Au niveau fédéral, la détestation générale du MR est liée au fait qu’il est prisonnier de la N-VA, avec des dossiers compliqués, comme le survol de Bruxelles et la réforme des pensions, sans parler d’un déficit de communication qui masque les réelles avancées: tax-shift, relance de l’emploi… Au niveau bruxellois, on constate le silence assourdissant de l’opposition MR face à un gouvernement PS – CDH – DéFI pourtant calamiteux. Il y a sans doute trop d’élus régionaux qui cumulent avec une fonction de bourgmestre ou d’échevin et qui manquent de temps… Mais, surtout, il n’y a pas de pilote dans l’avion MR de Bruxelles. Le président de la régionale est inexistant.

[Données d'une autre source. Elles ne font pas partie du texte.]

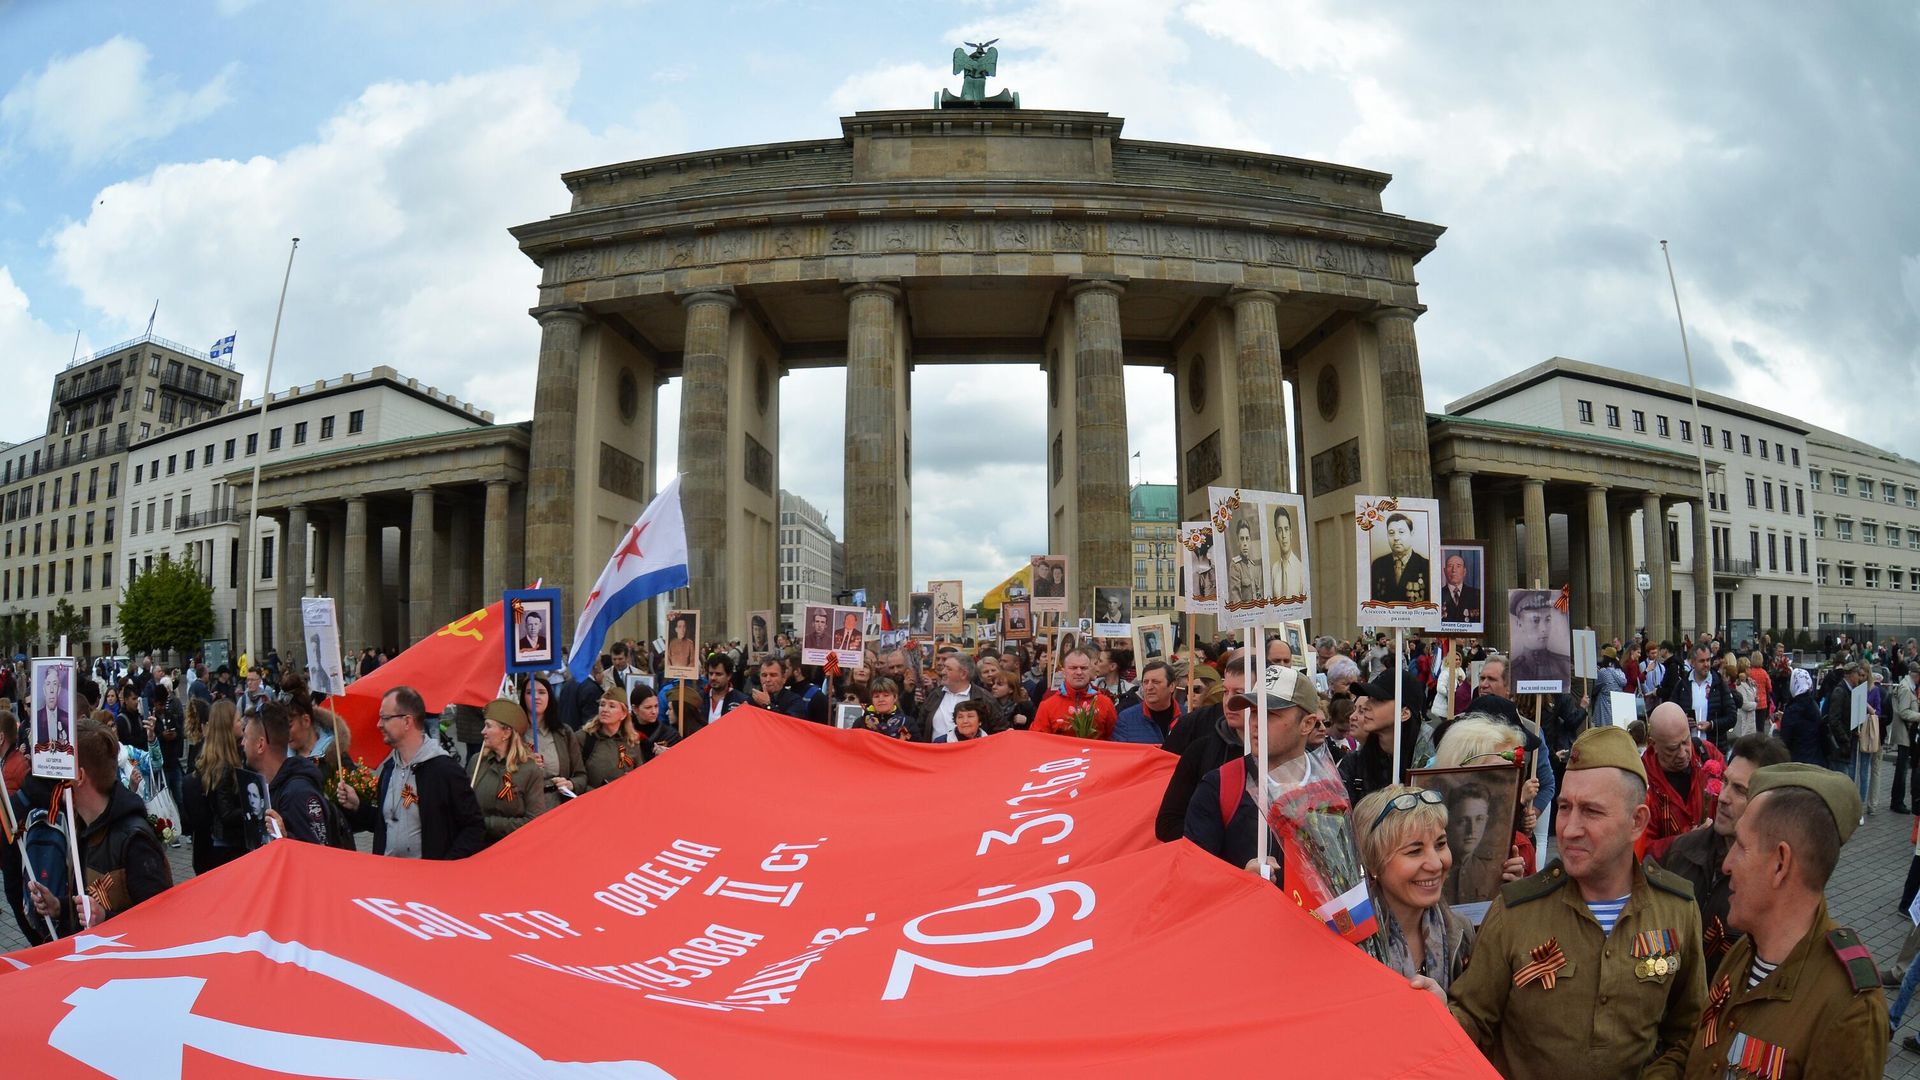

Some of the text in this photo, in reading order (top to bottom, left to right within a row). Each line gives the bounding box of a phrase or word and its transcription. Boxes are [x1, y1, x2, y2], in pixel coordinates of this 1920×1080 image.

[352, 897, 492, 940] 150
[593, 839, 722, 916] ОРДЕНА
[881, 881, 1096, 1000] 79
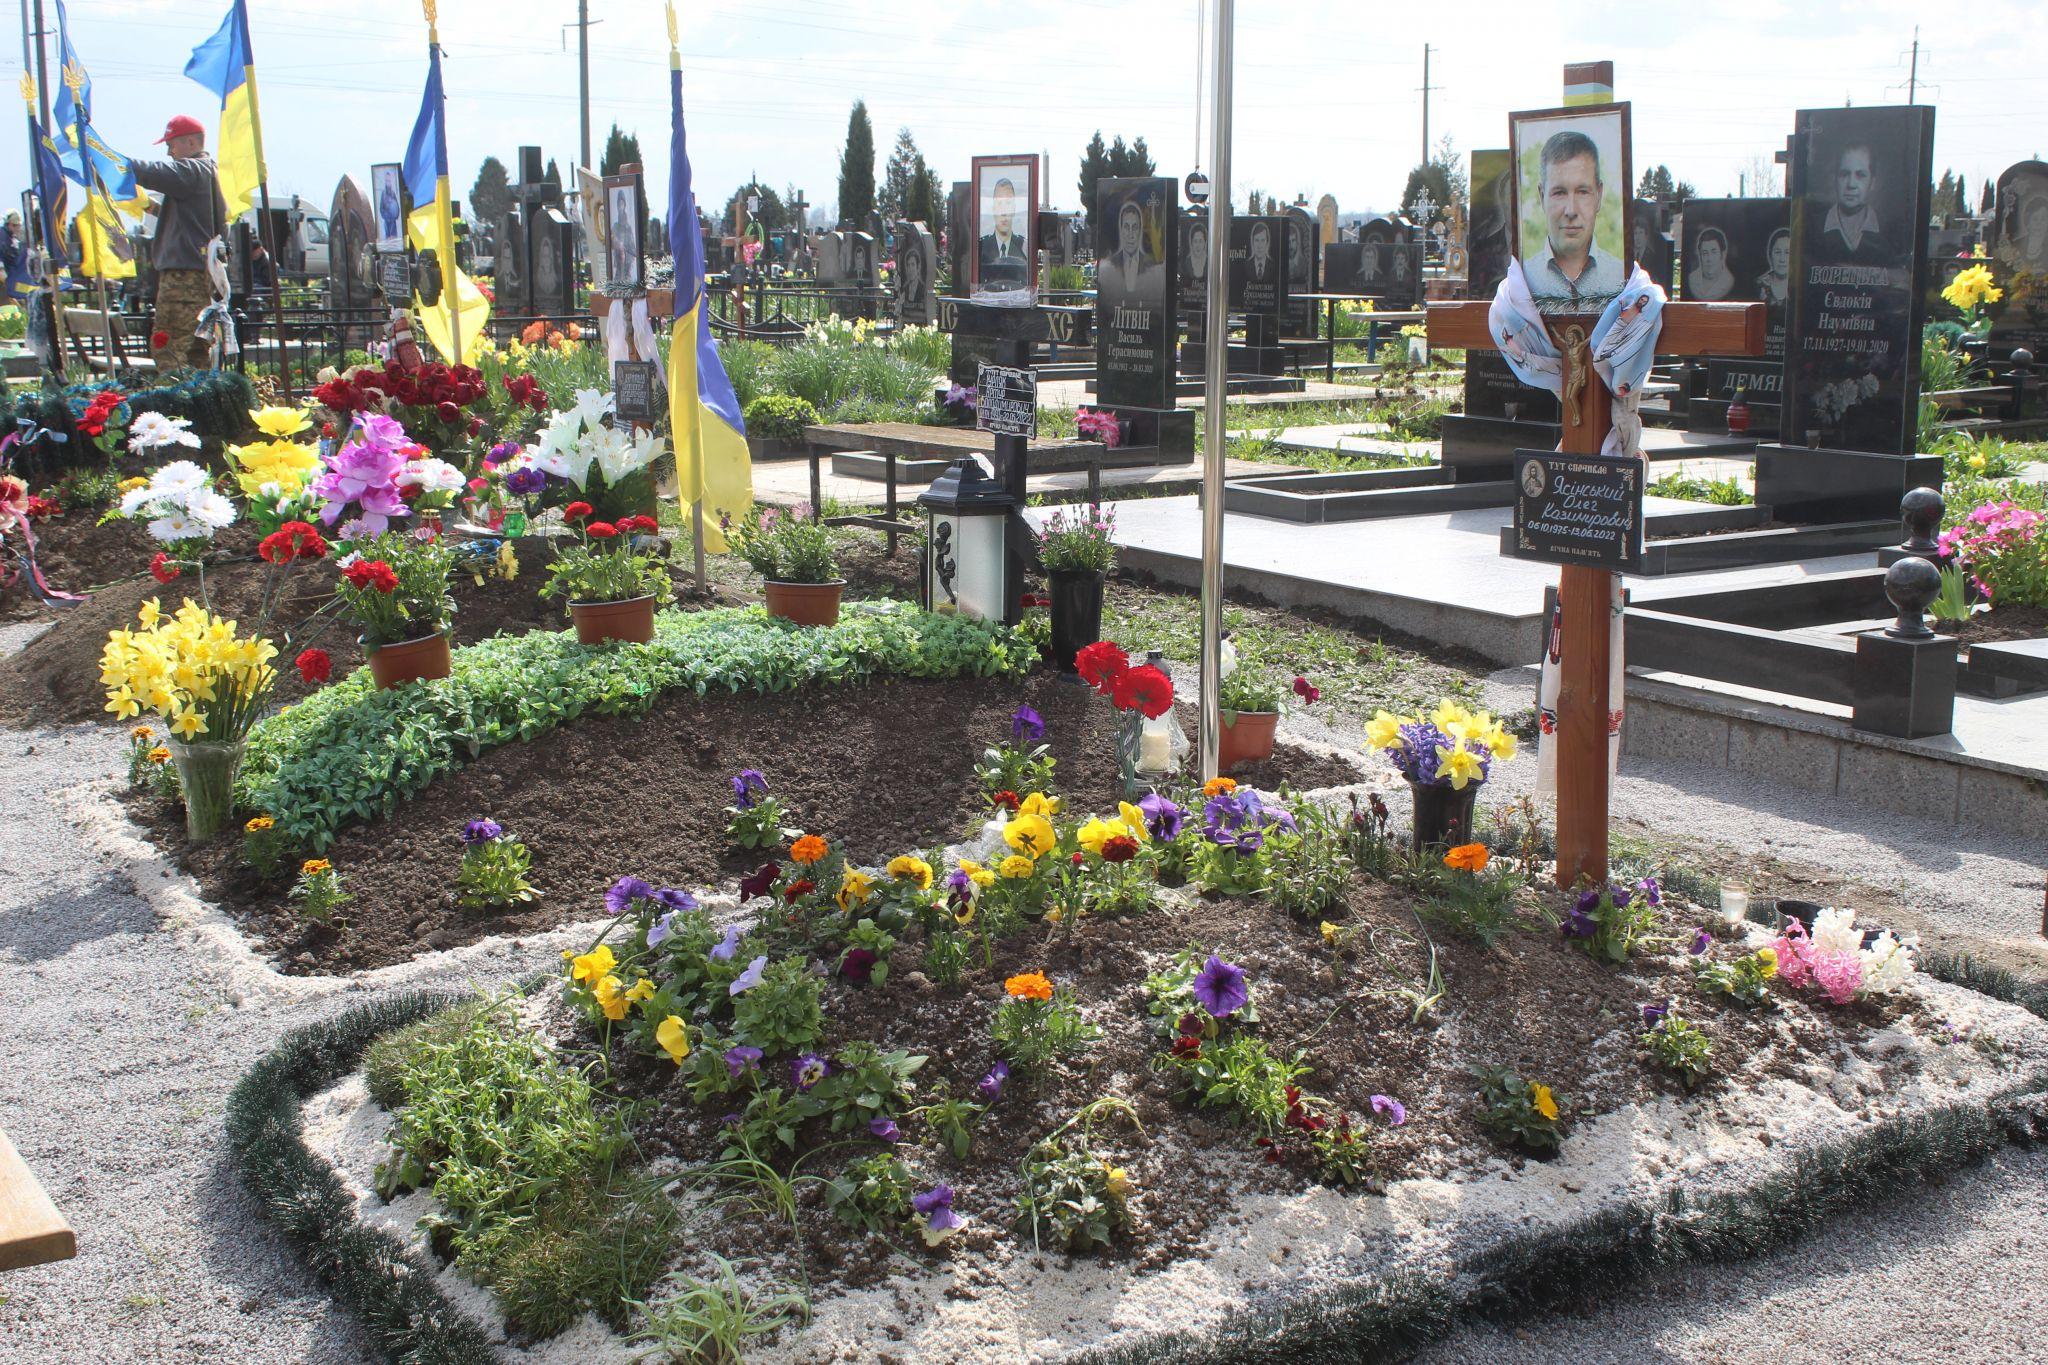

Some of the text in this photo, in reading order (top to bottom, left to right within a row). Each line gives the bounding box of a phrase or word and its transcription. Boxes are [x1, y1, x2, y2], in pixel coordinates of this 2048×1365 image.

[1808, 265, 1889, 289] БОРЕЦЬКА
[1824, 290, 1872, 309] Євдокія
[1110, 300, 1151, 330] Літвін
[1819, 312, 1875, 334] Наумівна
[1118, 330, 1143, 343] Василь
[1108, 343, 1154, 359] Герасимович
[1548, 461, 1607, 475] ТУТ СПОЧИВАЄ
[1553, 475, 1625, 501] Ясінський
[1563, 495, 1598, 512] Олег
[1542, 502, 1632, 530] Казимирович
[1550, 545, 1570, 553] ВІЧНА

Vous parlez de Didier Reynders?

Absolument. Il n’y a eu aucun débat de fond au sein du MR bruxellois. Il n’y a pas de ligne politique définie ni de leadership. Or, pour moi, un président de régionale est d’abord un coach. Il fixe une ligne claire après avoir suscité un débat. Didier Reynders n’a jamais assumé ses fonctions de président en animant et en construisant un projet collectif avec les sections locales des dix-neuf communes. Il s’est contenté de réunir, de temps à autre, le groupe parlementaire régional, auquel se sont joints les bourgmestres Françoise Schepmans et Philippe Pivin, par ailleurs députés fédéraux.

Vous n’avez pas eu de soutien de sa part durant la campagne des communales?

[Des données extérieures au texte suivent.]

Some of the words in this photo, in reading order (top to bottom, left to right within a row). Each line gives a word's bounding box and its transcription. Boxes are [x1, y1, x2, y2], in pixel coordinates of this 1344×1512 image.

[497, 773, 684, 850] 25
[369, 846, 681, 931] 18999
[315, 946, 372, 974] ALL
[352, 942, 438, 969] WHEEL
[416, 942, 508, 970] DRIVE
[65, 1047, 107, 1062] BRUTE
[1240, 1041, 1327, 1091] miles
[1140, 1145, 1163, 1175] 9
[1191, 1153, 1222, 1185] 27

Aucun. La seule personnalité du parti qui s’est déplacée à Schaerbeek est Denis Ducarme, pour rencontrer l’Horeca en difficulté. Didier Reynders, lui, n’est pas venu une seule fois. En tant que président de la régionale, sa responsabilité est immense dans l’échec du MR à Bruxelles, quoi qu’il en dise. Il a expliqué que n’étant pas candidat lui-même pour les communales, il s’en lavait les mains de la catastrophe qu’il a lui-même suscitée. Il n’a même pas réussi à ce qu’il y ait une liste libérale unique à Uccle, la commune où il habite, après le départ d’Armand De Decker. Pour moi, il doit quitter sa fonction de président. Il ne peut plus diriger le MR bruxellois.

Georges Verzin, chef de groupe MR-Citoyens à Schaerbeek.
Georges Verzin, chef de groupe MR-Citoyens à Schaerbeek.© dr

Carrément?

Quand une équipe de football perd un match aussi crucial, on vire son entraîneur. Didier Reynders ne peut pas sauver la situation. Au contraire. Il doit assumer aujourd’hui les conséquences de sa non-gestion du MR bruxellois. En outre, il vient d’annoncer qu’il ne serait pas candidat sur la liste régionale en 2019. Et, à côté, il prône le rajeunissement des candidats sur la future liste régionale en s’assurant que des membres de son cabinet ministériel soient mis en bonne place sur cette liste…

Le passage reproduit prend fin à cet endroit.